I also face the more subjective assumption that this must somehow be a pointless or soul-destroying pursuit. “Don’t you only need to watch a few episodes of Juliet Bravo to know all that you have to about it?” From my lofty vantage point of complete Juliet Bravo viewing I find myself in an authoritative position to refute this assumption. Without watching it how else could I have discovered the eight extraordinary episodes scripted by John Foster – who appears to have written for few other programmes – a screenwriter preoccupied with the extremities of mental illness and danger (for example, Foster’s first script, ‘Rage’, 25 Oct 1980, in which a disturbed mother turns up at the police station claiming to have abandoned a baby and refusing to reveal where she has hidden the child)? Or to have noticed the subtle, largely unconscious, but recurrent theme of the police being able to engage and sympathise with working class characters – both victims and criminals – but failing to do so with middle-class ones, often shown to make trouble for themselves through self-righteousness and lacking common sense? Or notice the shifting tone of the programme as different producers and script editors take charge? Or recognise innumerable small examples of how directorial or acting technique alters as a result of the particular demands of a specific script.
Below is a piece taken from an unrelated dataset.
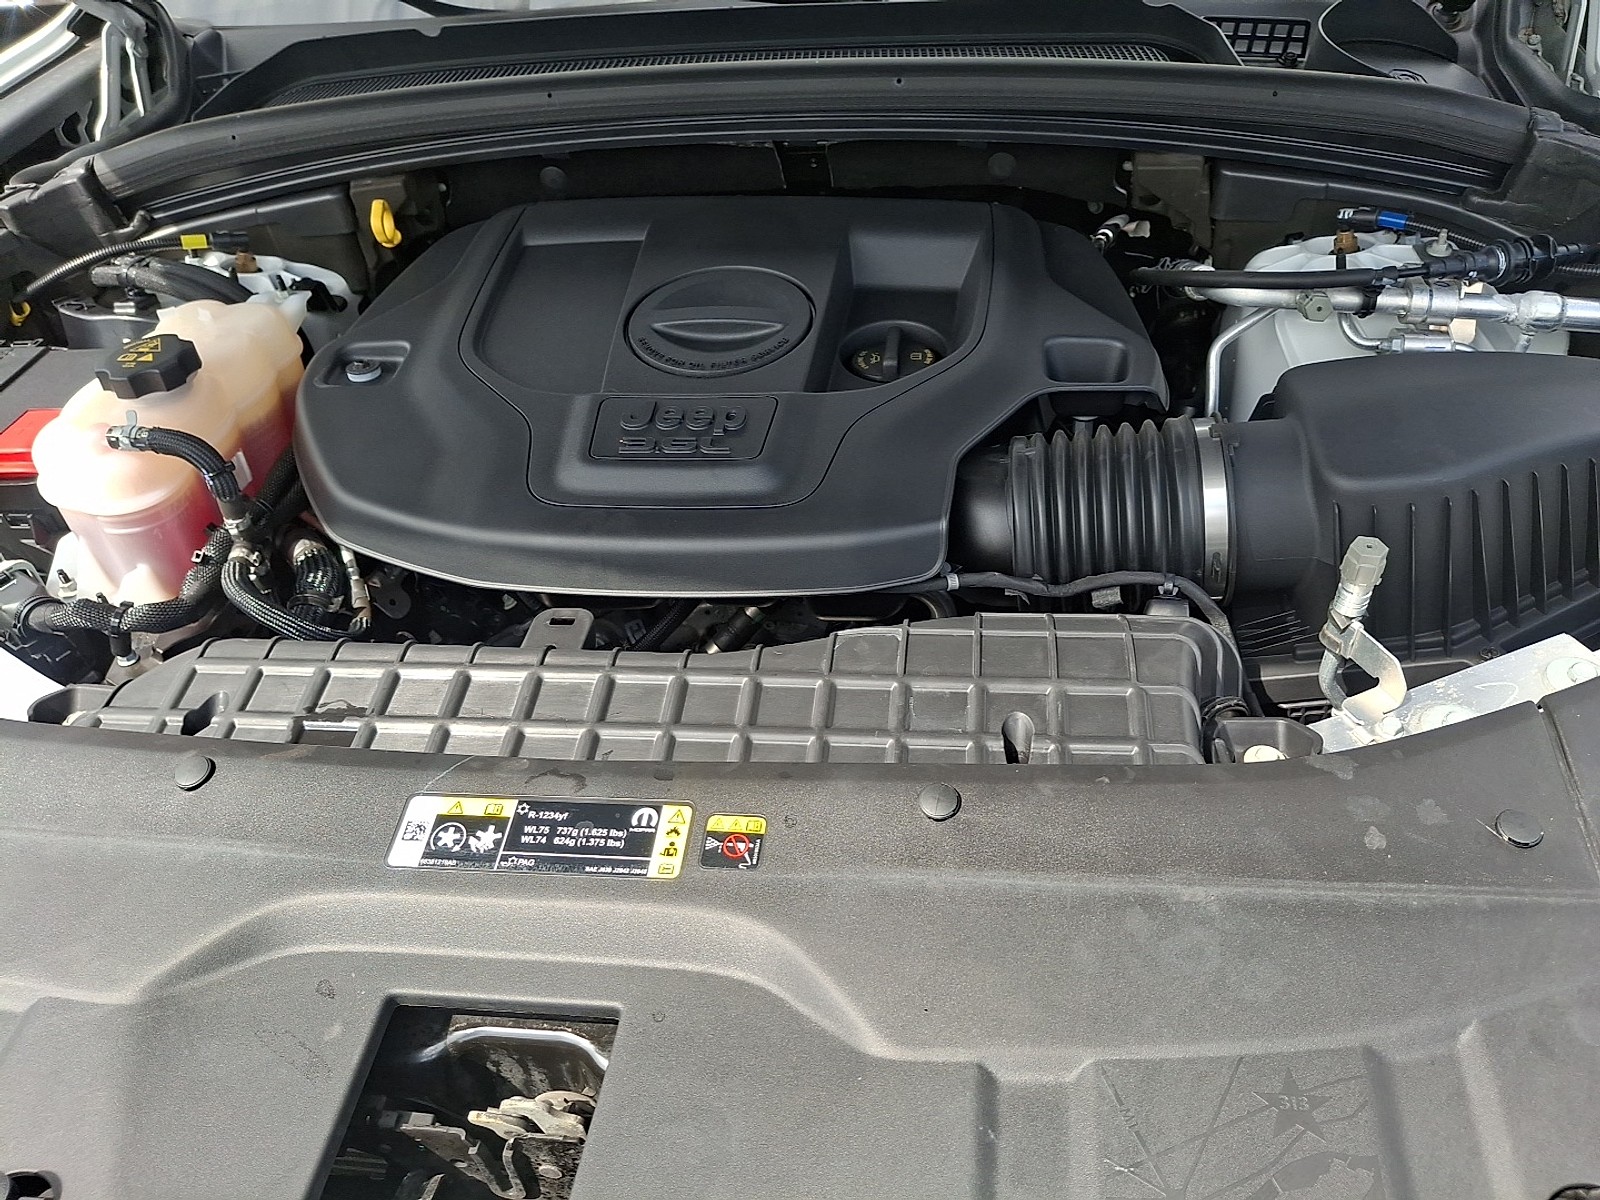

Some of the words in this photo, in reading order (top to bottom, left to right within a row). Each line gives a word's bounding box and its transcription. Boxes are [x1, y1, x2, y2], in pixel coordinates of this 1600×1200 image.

Even when watching the entirety of a series means that you come across major mis-steps – such as the two misbegotten episodes written by Keith Dewhurst that attempt to transform Juliet Bravo into an absurd off-the-wall North Country comedy, or a perplexing telefantasy episode about witchcraft (‘Halloween’, October 27 1985) – seeing such mistakes in the context of a programme’s complete canon encouraged me to view them withmore sympathy than I would do if seen in isolation, understanding much more of the reasoning that would have gone into their commissioning and production.
A concrete example of the benefit of my methodology of watching everything: As part of my work on the ‘Spaces of Television’ project I have presented and written about the depiction and treatment of rape storylines in British police dramas between the 1960s and the 1980s. For obvious reasons, rape was the major crime least frequently dramatized in the British police series. Attempting a rape storyline was likely to be too problematic for programme-makers to attempt, running the risk of being either too circumspect or salacious, and the nature of the crime meaning that even a responsible dramatic treatment was likely to make for depressing viewing. Because of the scarcity of rape storylines and the paucity of existing critical writing about British police series, the only way that I could discover the rare examples of when they were attempted (I’ve only discovered four thus far) is through systematically watching as much police drama as survives and is available. Whist it’s comparatively easy to find out about who made and appeared in episodes, you really have to watch them to discover what they were about.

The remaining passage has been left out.